**Materials provided:**
>>>
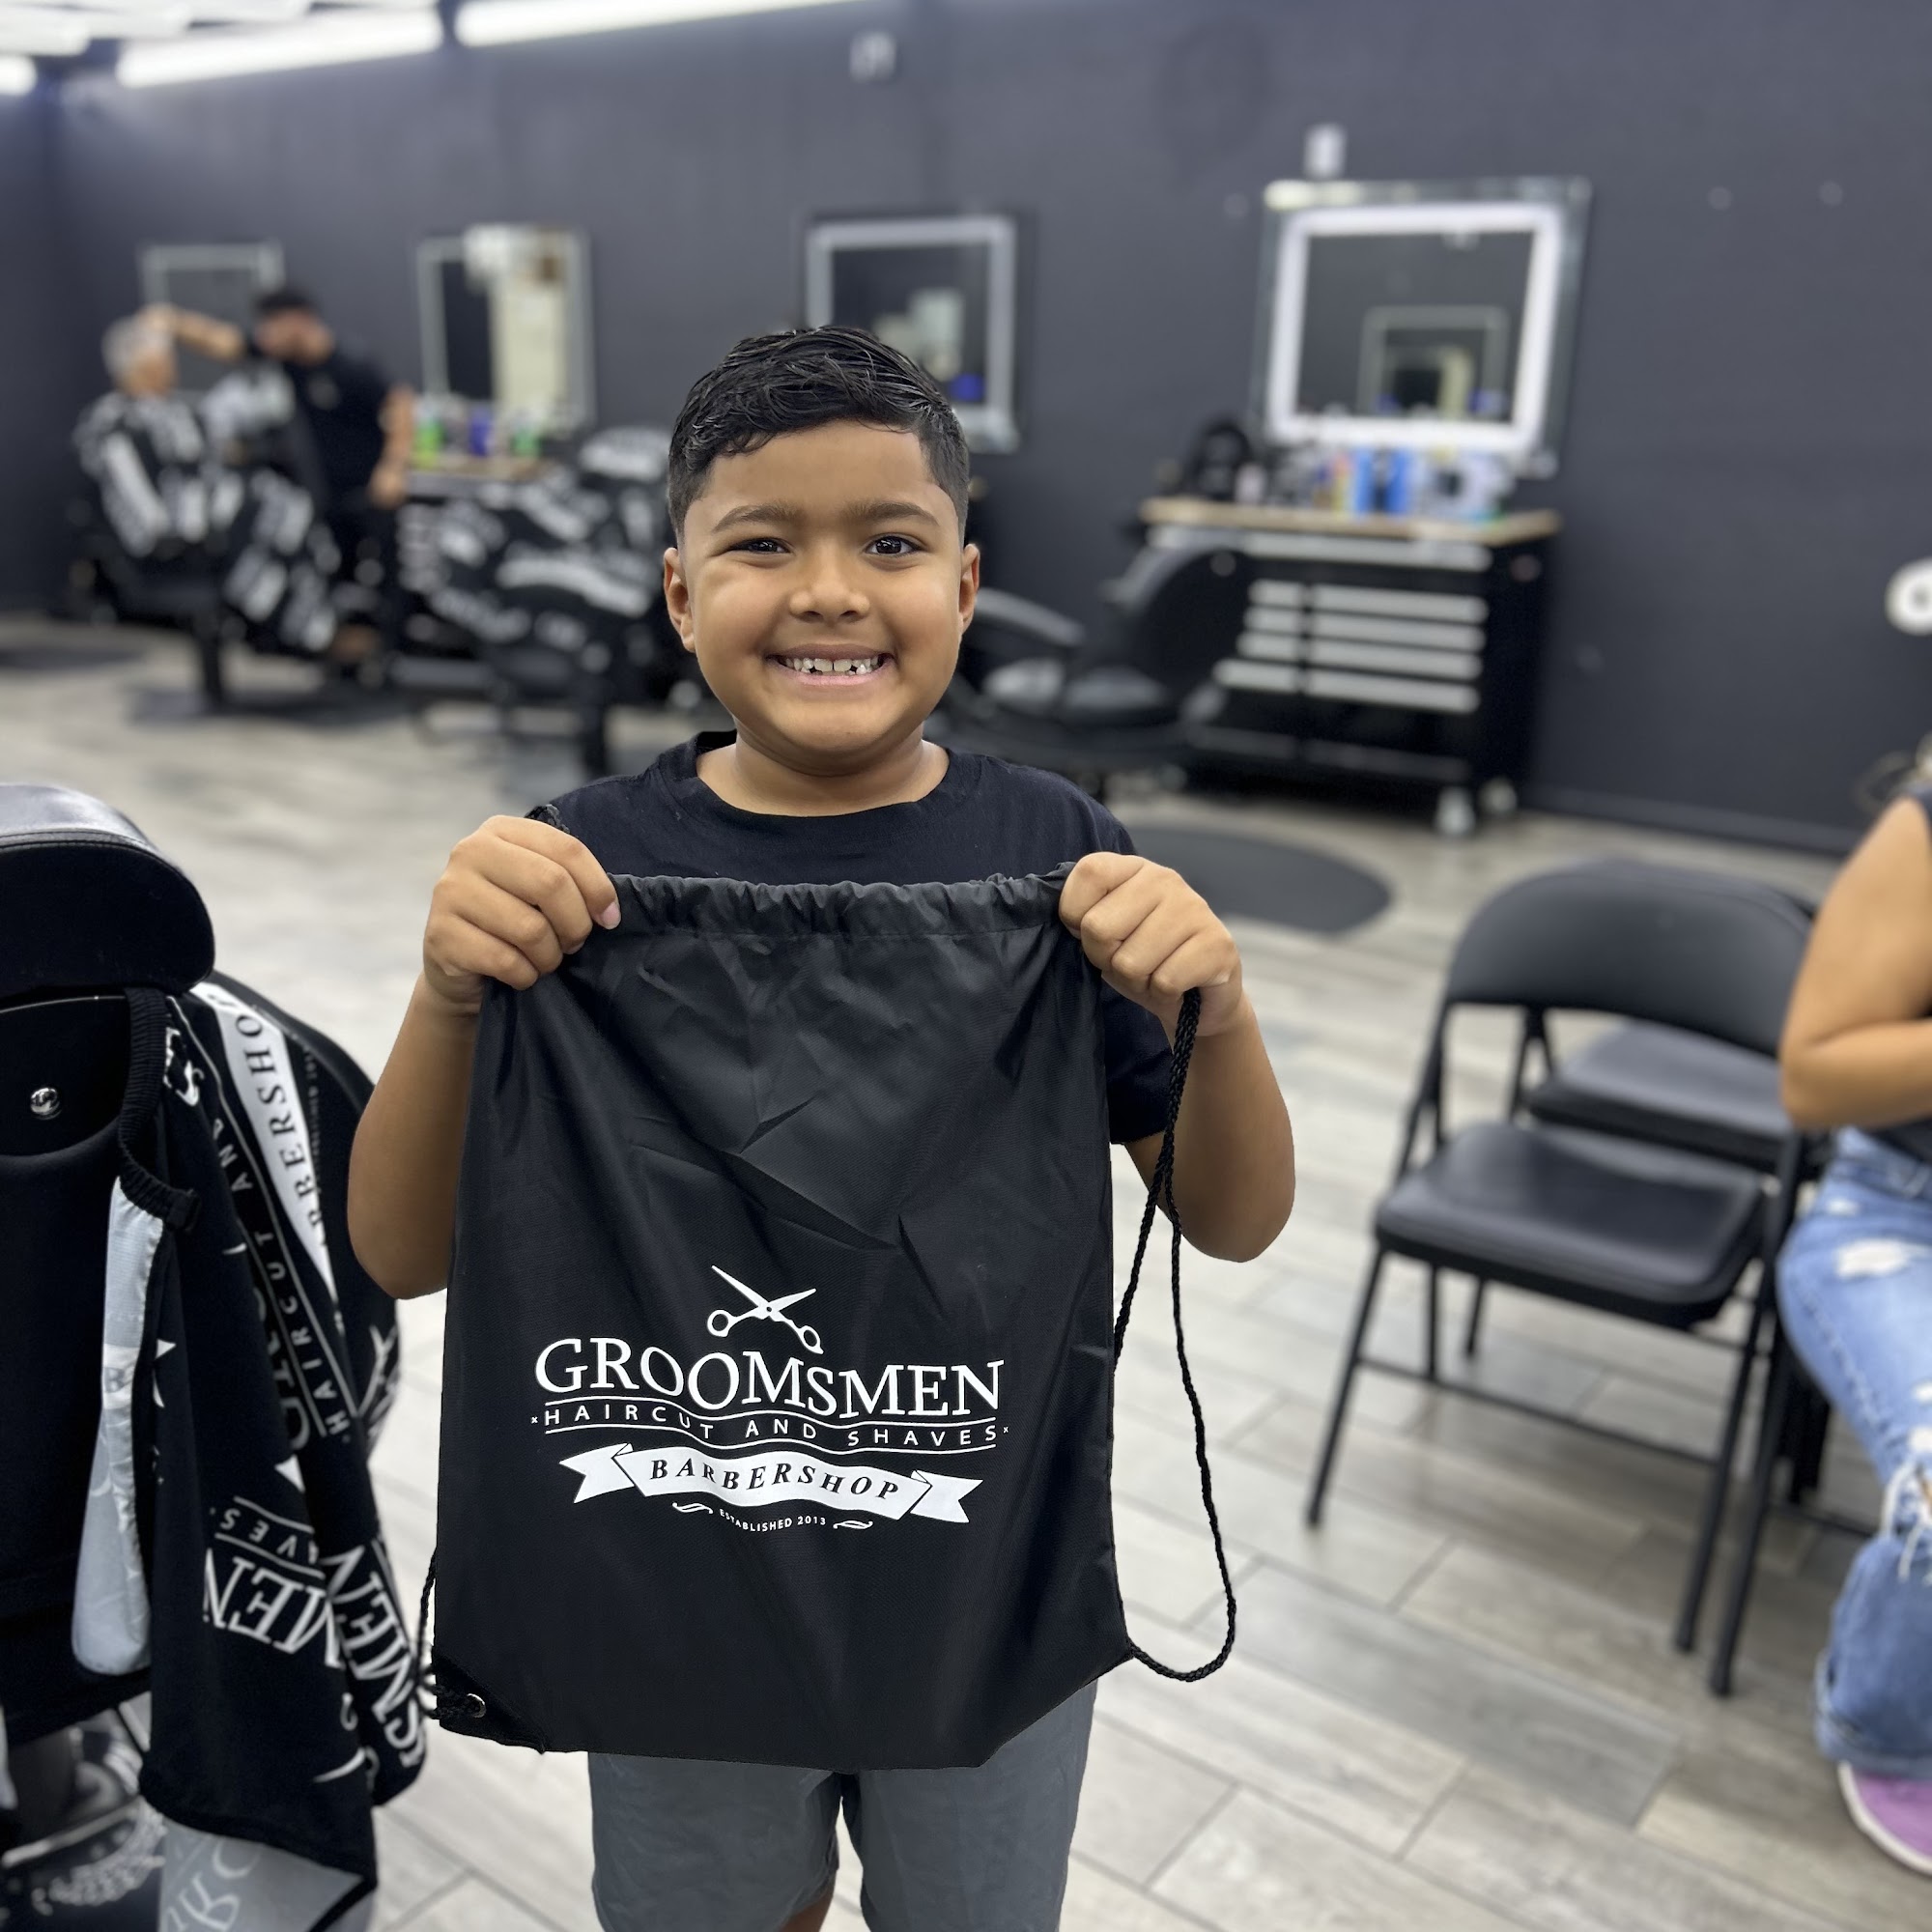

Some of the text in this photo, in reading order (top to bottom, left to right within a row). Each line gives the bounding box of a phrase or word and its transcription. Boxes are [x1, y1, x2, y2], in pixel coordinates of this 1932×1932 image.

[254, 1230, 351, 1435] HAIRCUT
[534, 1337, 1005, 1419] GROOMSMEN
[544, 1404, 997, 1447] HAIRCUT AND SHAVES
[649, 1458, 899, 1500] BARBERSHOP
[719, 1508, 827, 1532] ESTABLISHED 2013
<<<
Each line above must be repeated exactly in the answer, with pictures omitted.

**Solution to this problem:**
Some of the text in this photo, in reading order (top to bottom, left to right within a row). Each line gives the bounding box of a phrase or word and its transcription. Boxes are [x1, y1, x2, y2], in pixel coordinates of this 1932×1932 image.

[254, 1230, 351, 1435] HAIRCUT
[534, 1337, 1005, 1419] GROOMSMEN
[544, 1404, 997, 1447] HAIRCUT AND SHAVES
[649, 1458, 899, 1500] BARBERSHOP
[719, 1508, 827, 1532] ESTABLISHED 2013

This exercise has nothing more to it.